When they don’t get the expected response from you, they will realize that they are traveling by themselves, which will initially confuse them, since up till now we’ve always joined them.  To maintain their own equilibrium and to feel like they are still in control, often they will call out to you from the wilderness, trying to lure you into joining them. If you don’t respond to their baiting you, they will change tactics and use anger as a way to scare you into joining them in the wilderness. Faced with your apparent determination to stay on the path, this is where some Borderline Personality Sufferers will start to behave in ways that are evil and mean as they work to sabotage your goals and your determination in whatever fashion they can; threats, violence, destruction, intimidation, name calling, belittling, promises of withholding necessary things, retaliation, or any other painful thing they can think of to get you to join them in the wilderness. This is what we call the classic extinction burst. Things get worse before they get better.

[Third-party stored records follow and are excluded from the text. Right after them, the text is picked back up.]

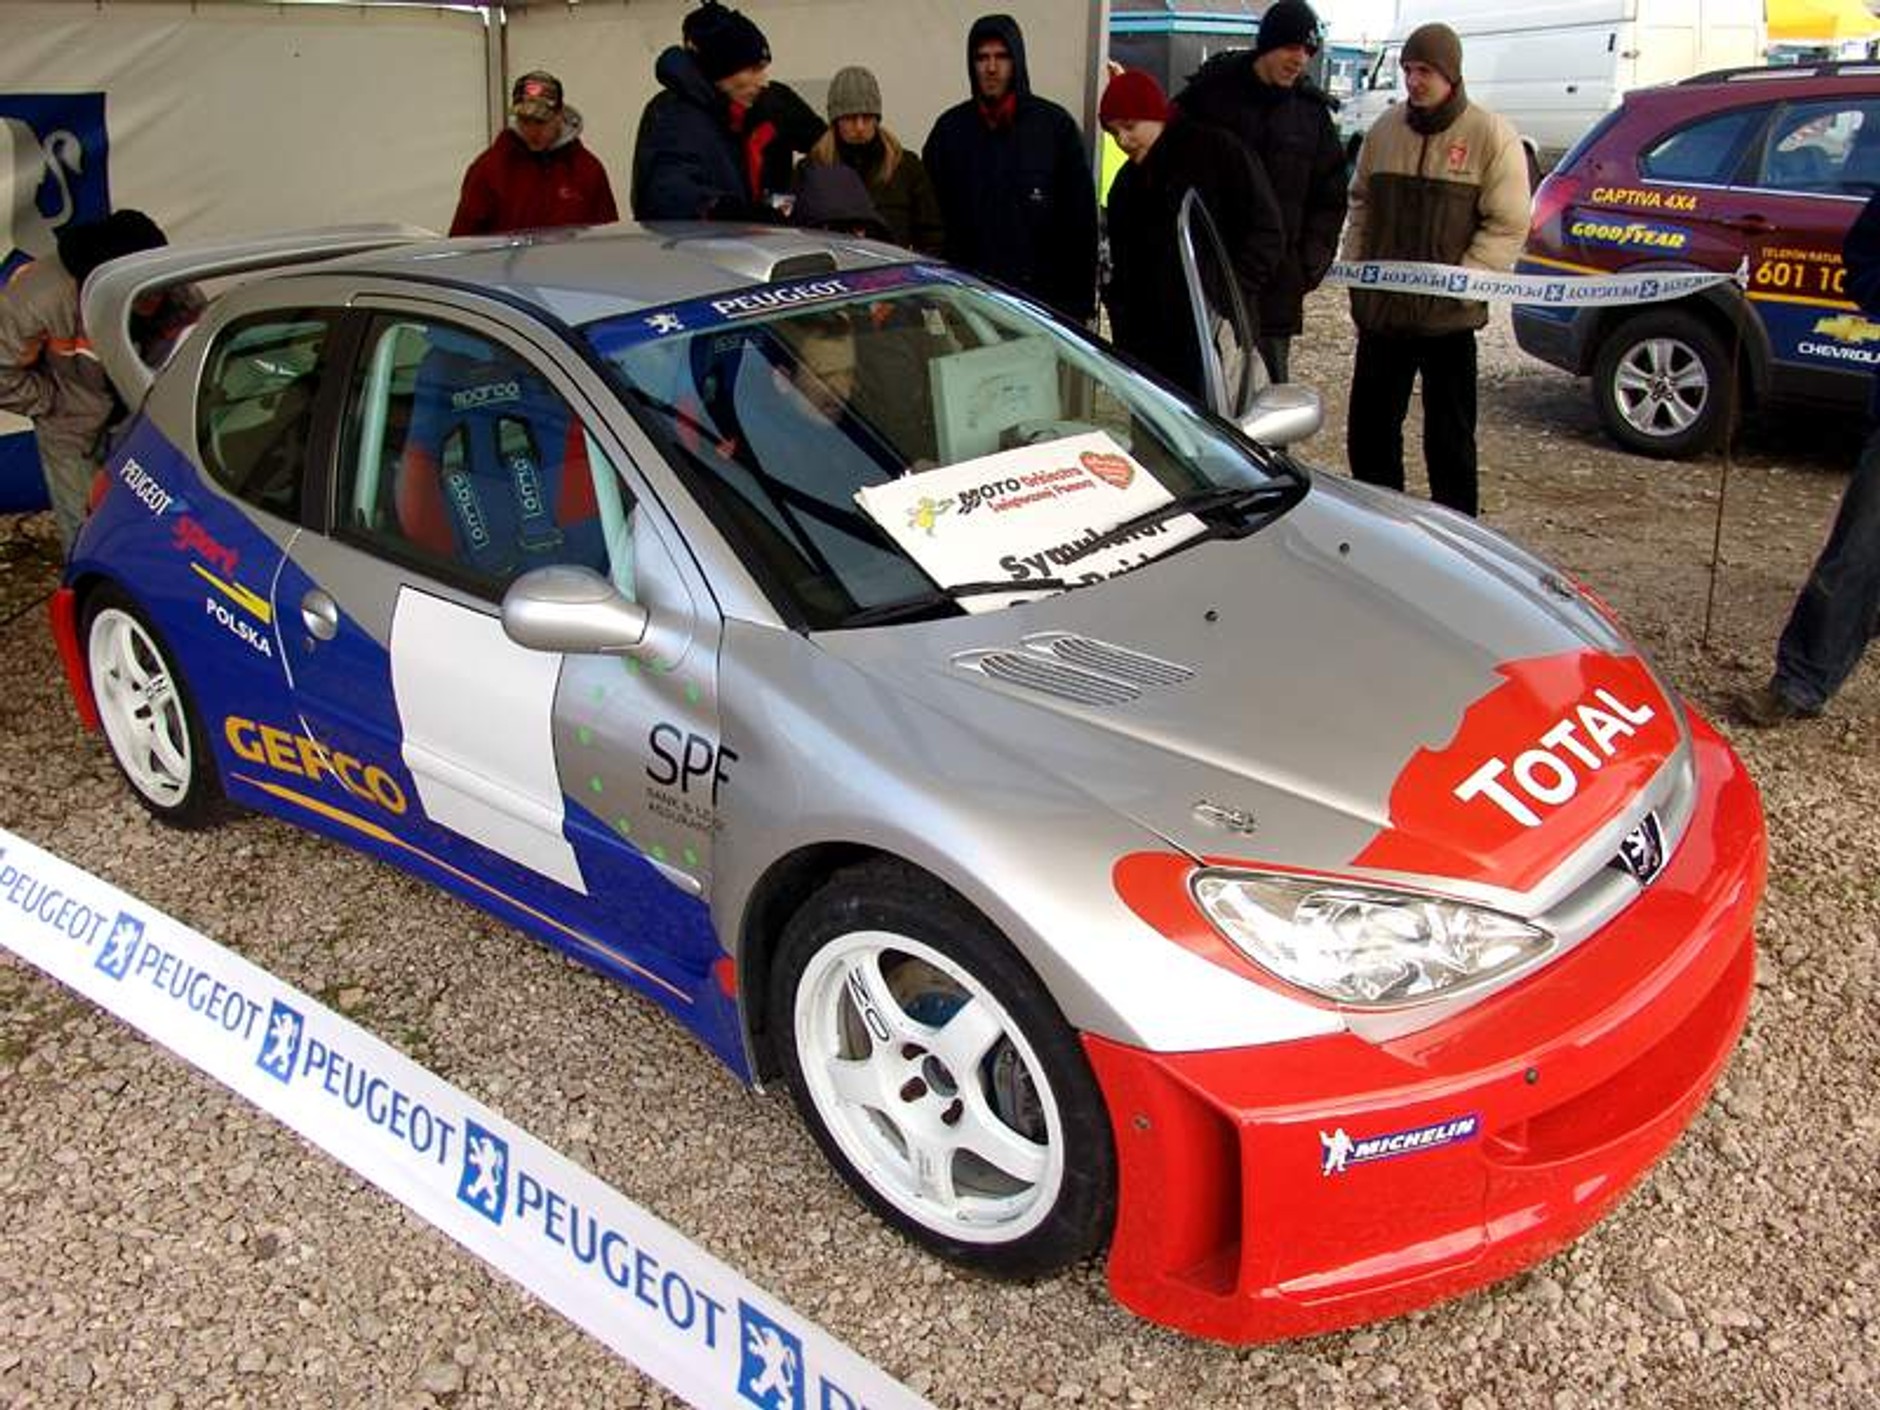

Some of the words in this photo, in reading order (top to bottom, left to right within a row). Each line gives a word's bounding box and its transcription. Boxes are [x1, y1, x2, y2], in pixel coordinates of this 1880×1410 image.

[1591, 187, 1661, 208] CAPTIVA
[1571, 222, 1686, 248] GOODYEAR
[710, 279, 850, 315] PEUGEOT
[1755, 260, 1805, 289] 601
[1797, 341, 1880, 363] CHEVROL
[119, 458, 173, 516] PEUGEOT
[205, 597, 273, 658] POLSKA
[225, 715, 408, 815] GEFCO
[646, 722, 739, 807] SPF
[1452, 688, 1656, 828] TOTAL
[0, 864, 109, 946] PEUGEOT
[137, 942, 263, 1041] PEUGEOT
[302, 1038, 456, 1166] PEUGEOT
[1355, 1118, 1475, 1158] MICHELIN
[515, 1171, 726, 1350] PEUGEOT
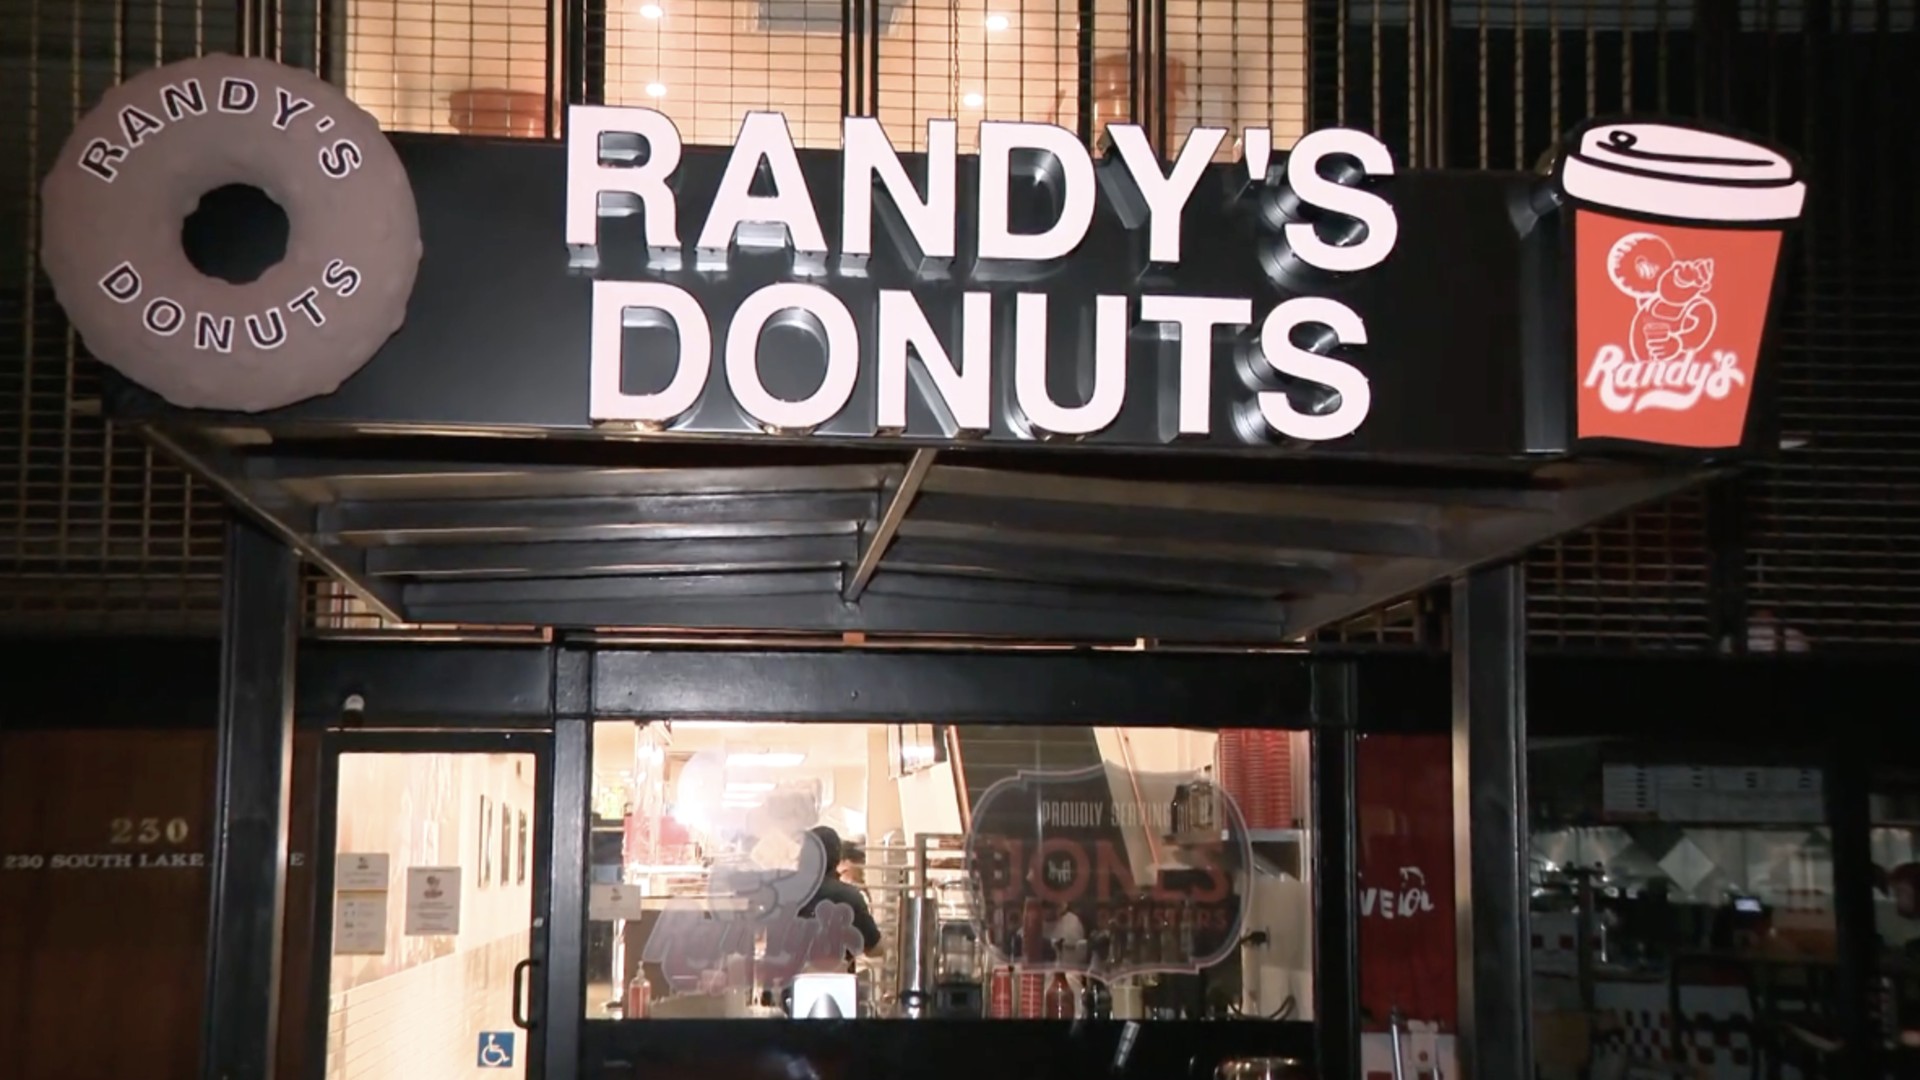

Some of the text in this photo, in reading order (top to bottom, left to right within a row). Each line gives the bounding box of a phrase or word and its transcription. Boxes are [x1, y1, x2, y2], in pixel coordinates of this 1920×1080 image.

At this point, each of you have different  objectives. Their goal is to sidetrack you into joining them in dysregulation. Yours needs to be to stay focused on what your goals are, no matter how tempted you are to join them. 


Remember - the first time you do this, your loved one probably won’t join you, no matter how long you wait or how patient you are. They will be determined to stay in the wilderness and wander, just to hurt and punish you. That is OK, as long as you expect it and are prepared for it.  Try to keep in mind while they won’t like being alone, that it is a necessary thing for them to experience. It is what will bring on the opportunity for change. 

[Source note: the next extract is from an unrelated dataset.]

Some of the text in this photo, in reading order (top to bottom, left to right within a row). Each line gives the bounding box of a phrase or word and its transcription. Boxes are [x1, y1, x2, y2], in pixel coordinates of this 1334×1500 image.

We each have a journey here. We can no longer allow them to lead us astray. In time, if we stay committed to our goals, their journeys into the wilderness will be shorter and less frequent, as they adjust to the fact that we are staying on the path. We won’t be subjecting ourselves to as much pain, since we won’t be lost in the wilderness either. All of this is possible, “if” we make the commitment to stay true to our goals. If we understand that stepping off the path is unhealthy and makes things worse, not better. 

united for now

Skills - Planning for Boundaries

Courtesy of Randi Kreger. Author of "Essential Family Guide to Borderline Personality Disorder"


Yes, most members say "I tried to set a boundary. They wouldn't listen to me".... which means it wasn't a boundary, it was a request.
A few years ago, I asked people if setting boundaries worked for them. Most people said no. The comments they made were similar to this: 


“I told him he didn’t understand my perspective; he told me I didn’t understand his. It went in circles endlessly. He accused me of being controlling and telling him what to do. He weaved magical webs with his words and made me feel guilty.”

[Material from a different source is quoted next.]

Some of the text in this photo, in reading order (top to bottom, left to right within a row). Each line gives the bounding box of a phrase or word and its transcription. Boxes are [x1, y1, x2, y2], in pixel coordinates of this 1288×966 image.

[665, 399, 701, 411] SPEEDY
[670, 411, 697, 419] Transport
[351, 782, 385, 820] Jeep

At that point, I realized that there needs to be a major educational shift to help people understand what setting boundaries is about, and what it isn’t. People think they’re about making people act in certain ways, and if they can’t convince that person to change, they’ve “failed.”



This is incorrect. Boundaries are about each person taking responsibility for their own behavior. Your boundaries are about you, not the other person. Setting boundaries is a process that begins right now as you start to think about them. It keeps on going because you will always need to pay attention to make sure you don’t let your boundaries slide. 


Why are boundaries so important in the first place?


If you don’t think they’re important, you probably won’t make it through the process or you will let the limits slide, undoing everything you’ve done and actually making things worse due to the intermittent reinforcement process. 
  • Limits protect you from being or feeling controlled, manipulated, ‘fixed,’ misunderstood, abused, discounted, demeaned, or wrongly judged.
  • When you don’t have limits, you’re going to become overwhelmed with your BP’s needs and demands.
  • Without limits, chosen relationships become very unhappy and unsafe with little emotional closeness. There is little mutual respect or trust.
  • Relationships without limits are more likely to end. This is one reason why limits are vital to you BP. In other words, as much as BPs dislike limits, without them they may not only fear abandonment, but experience it.
Boundaries aren’t requests, in that boundaries don’t “ask” others to do or not do something. In fact, they aren’t really about the other person at all. Boundaries are about what we will or won’t put up with in our lives. It’s about keeping the bad stuff away from us.
Learning to set boundaries is a process…

One thing we all struggle with is meaning what we say and setting boundaries with confidence. Setting boundaries is difficult for a number of reasons. 


First, we have let them slide. In her book, “The Emotionally Abusive Relationship,” Engel writes, “Most of us begin a relationship thinking we have certain limits as to what we will and will not tolerate from a partner. But as the relationship progresses, we tend to move our boundaries back, tolerating more and more intrusion or going along with things we are really opposed to. . . . [Individuals] begin tolerating unacceptable and even abusive behavior, and then convince themselves that these behaviors are normal, acceptable, [and deserved].  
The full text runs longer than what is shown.